De Nederlandse wetgeving hierin is duidelijk. Bij het overlijden van een potentiële orgaandonor zijn er wettelijke bepalingen waaraan voldaan moet worden om hersendood te worden verklaard. In Nederland hanteren we daarvoor de definitie van whole brain death. Dat is het volledige en onomkeerbare verlies van de functies van zowel de grote hersenen als de hersenstam en het verlengde merg.

De vrees dat er zich toch nog leven in ons bevindt, op het moment dat je dood wordt verklaard, is daarmee onnodig, stelt Drost. “Het wordt me regelmatig voorgelegd door journalisten. Soms komt er een verhaal of een gebeurtenis waaruit moet blijken dat een mens die hersendood was verklaard, wakker werd en herstelde. Altijd blijkt dan dat er geen sprake was van hersendood, volgens de bepalingen zoals we die in Nederland hanteren. Het ging dan om mensen in een comateuze toestand en dat is écht iets heel anders. Er is in de praktijk niet één patiënt bekend, ook niet in de literatuur, die is teruggekeerd en hersteld van een toestand die voldoet aan onze criteria van hersendood.”

Hersendood betekent daarmee niet dat al je hersencellen daadwerkelijk afgestorven zijn. Het gaat niet om het functieverlies van iedere individuele hersencel. Als we hersencellen zouden opkweken van iemand die hersendood is verklaard, dan is het zelfs waarschijnlijk dat kort daarna sommige cellen nog activiteit zullen vertonen. Het gaat om het functioneren van de hersencellen als netwerk, niet om de activiteit van de individuele cel. Juist de verbindingen tussen hersencellen zijn fundamenteel voor ons functioneren als mens. Als die netwerken onherstelbaar beschadigd zijn is het onmogelijk gebleken om weer bewustzijn te verkrijgen.

Meer dan een checklist

Het ‘whole brain death’-principe is overigens meer dan een aantal voorwaarden op een checklist waaraan voldaan moet zijn. Er komt ook een lichamelijk onderzoek bij kijken, uitgevoerd door de neuroloog of neurochirurg. Tot slot is het verplicht om aanvullend onderzoek te doen. Dit om er zeker van te zijn dat de grote hersenen niet meer functioneren. Dat aanvullend onderzoek moet aantonen dat er geen bloedsomloop meer in de hersenen is of dat er geen functie van de hersenen meer is. Met een EEG wordt de activiteit van hersennetwerken onderzocht. EEG staat voor elektro-encefalogram, waarmee door middel van elektroden de activiteit in de hersenen wordt gemeten. Bij iedere verbinding tussen neuronen worden namelijk elektrische prikkels uitgewisseld.
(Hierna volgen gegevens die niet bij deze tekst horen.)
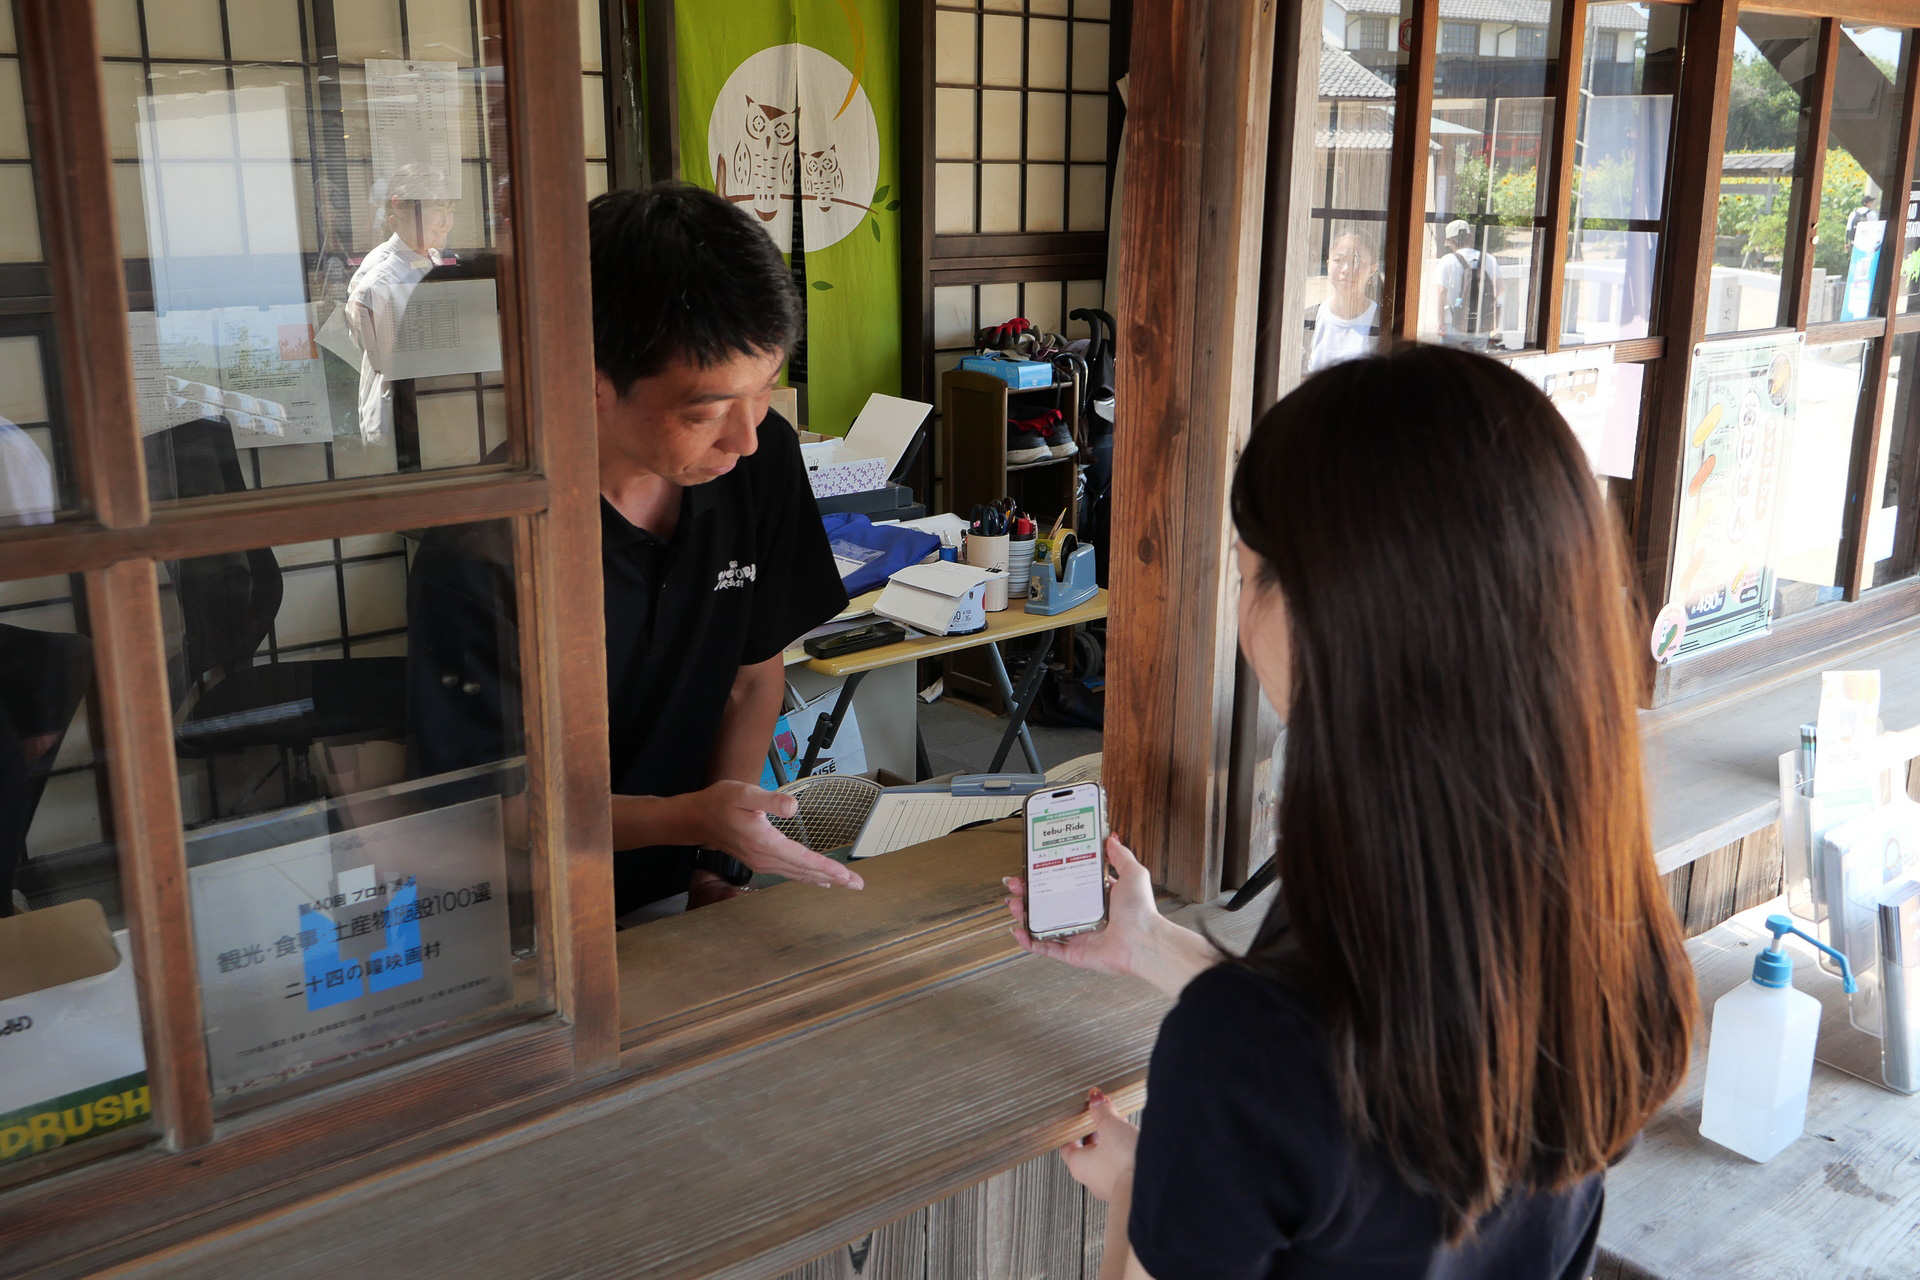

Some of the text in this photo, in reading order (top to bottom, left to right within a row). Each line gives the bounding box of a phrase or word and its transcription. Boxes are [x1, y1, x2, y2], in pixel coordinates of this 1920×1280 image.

[1043, 822, 1085, 837] tebu-Ride
[284, 940, 441, 999] 二十四の瞳映画村
Die elektriciteit wordt zeer nauwkeurig gemeten. De huidige apparatuur kan de elektrische activiteit waarnemen die gegenereerd wordt door groepjes van slechts duizenden neuronen. Voor de goede orde: we hebben er 86 miljard. Duizend hersencellen zijn lang niet genoeg voor enig functiebehoud.

Pas als het EEG geen enkele activiteit waarneemt, mag er sprake zijn van hersendood. De eventuele ontwikkeling van nog nauwkeuriger EEG-apparatuur maakt voor de diagnostiek van hersendood dan ook geen verschil. Zelfs als de activiteit gemeten zou kunnen worden van slechts tien of honderd hersencellen, dan nog blijft het feit dat daarmee de noodzakelijke verbindingen van de cellen niet voldoende functioneren.

Als het EEG een volledige flatline laat zien, doen neurologen nog een allerlaatste test, voordat een mens hersendood verklaard wordt: de apneutest.

Het komt erop neer dat de patiënt losgekoppeld wordt van de beademing. Er mag dan geen ademhalingsprikkel, dus geen spontane ademhaling, meer zijn. Pas als aan al die voorwaarden en testen is voldaan, kan en mag de diagnose hersendood gesteld worden.

Daarmee houdt in ieder geval de wetenschap het erop dat het leven wel in de cel kan zitten, maar daarmee nog niet in een mens. Sterven is een fluïde proces, sommige van je hersencellen leven nog, maar jij die kan denken, voelen en ervaren: jij bent er niet meer. De mens is blijkbaar weg, ver voordat het omhulsel alleen nog maar omhulsel is.